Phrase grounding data

#####

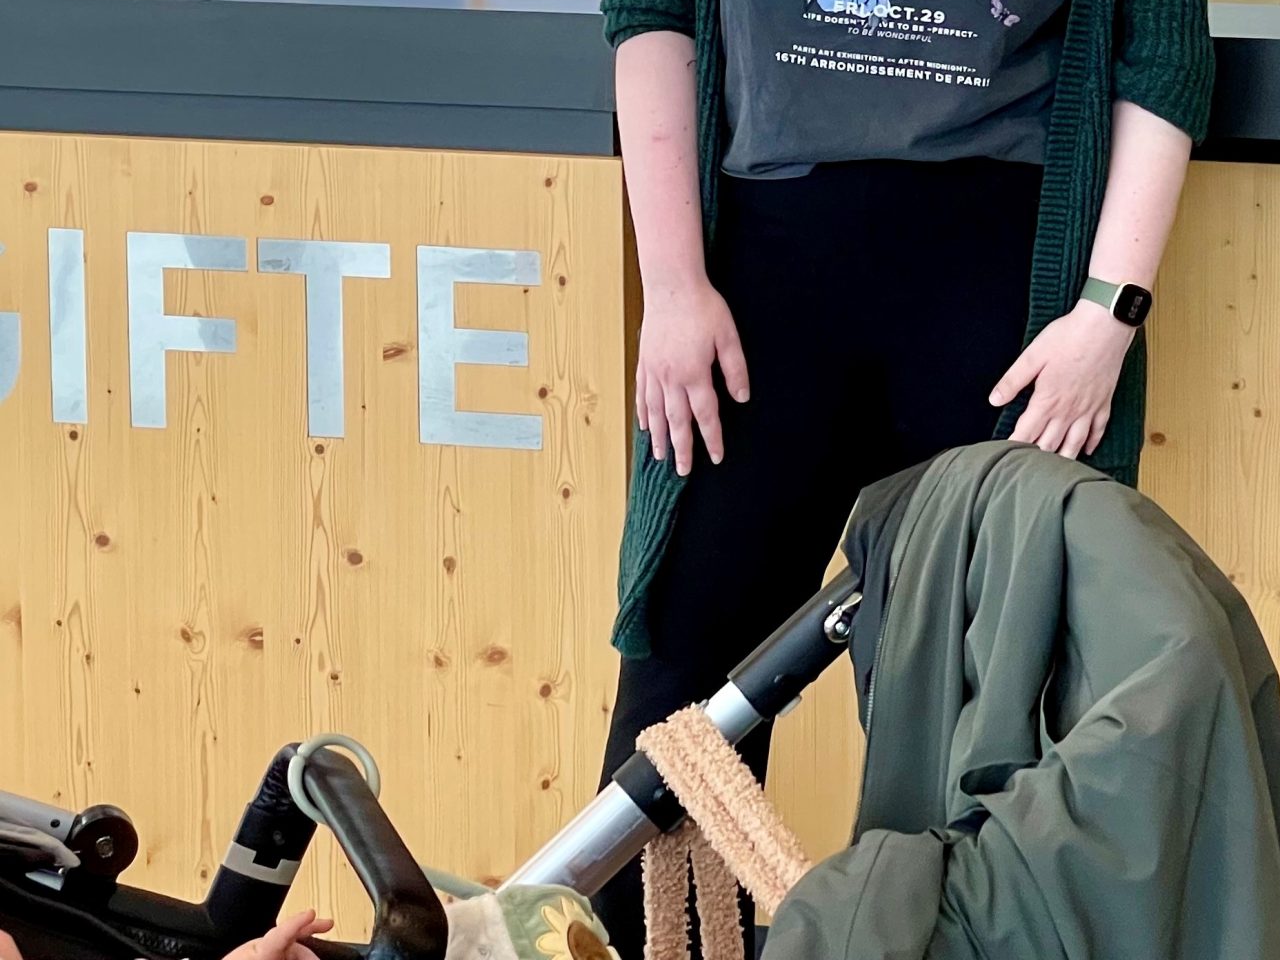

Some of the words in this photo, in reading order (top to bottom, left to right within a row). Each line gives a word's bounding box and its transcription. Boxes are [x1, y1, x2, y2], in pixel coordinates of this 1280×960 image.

[847, 27, 860, 36] TO
[876, 30, 933, 44] WONDERFUL
[897, 21, 910, 31] TO
[911, 24, 925, 33] BE
[774, 51, 807, 66] 16TH
[809, 54, 932, 82] ARRONDISSEMENT
[935, 72, 952, 85] DE
[792, 43, 817, 55] PARIS
[818, 48, 835, 58] ART
[898, 57, 925, 68] AFTER
[0, 226, 543, 451] IFTE
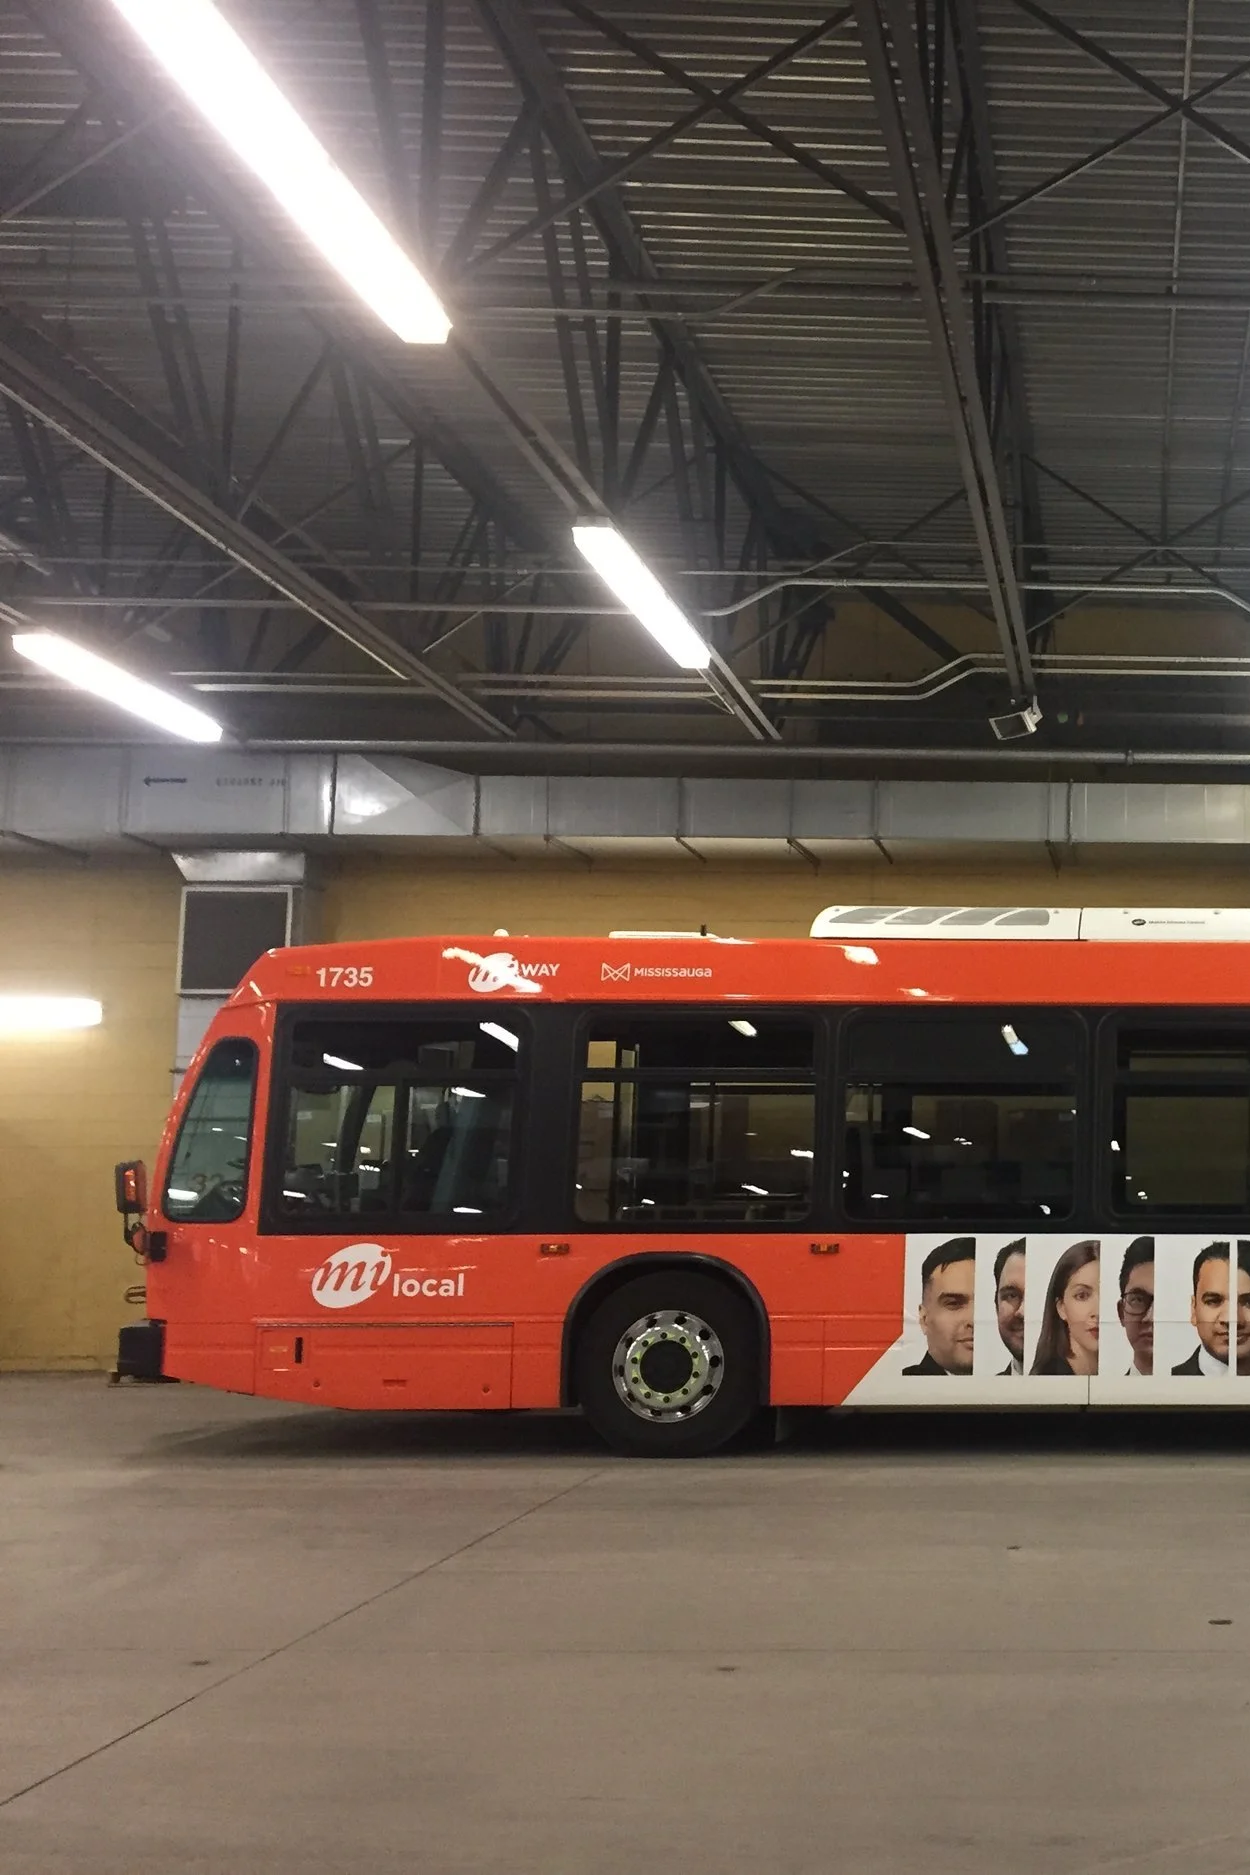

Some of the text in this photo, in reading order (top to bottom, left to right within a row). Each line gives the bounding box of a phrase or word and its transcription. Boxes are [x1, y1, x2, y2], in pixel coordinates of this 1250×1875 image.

[316, 967, 373, 987] 1735
[521, 963, 560, 976] WAY
[314, 1249, 465, 1297] mi local

#####

Instructions for the task
With the line that contains "Some of the text" as your start, reproduce the data above exactly through its last line, and nothing before that start.

Answer space
Some of the text in this photo, in reading order (top to bottom, left to right within a row). Each line gives the bounding box of a phrase or word and its transcription. Boxes are [x1, y1, x2, y2], in pixel coordinates of this 1250×1875 image.

[316, 967, 373, 987] 1735
[521, 963, 560, 976] WAY
[314, 1249, 465, 1297] mi local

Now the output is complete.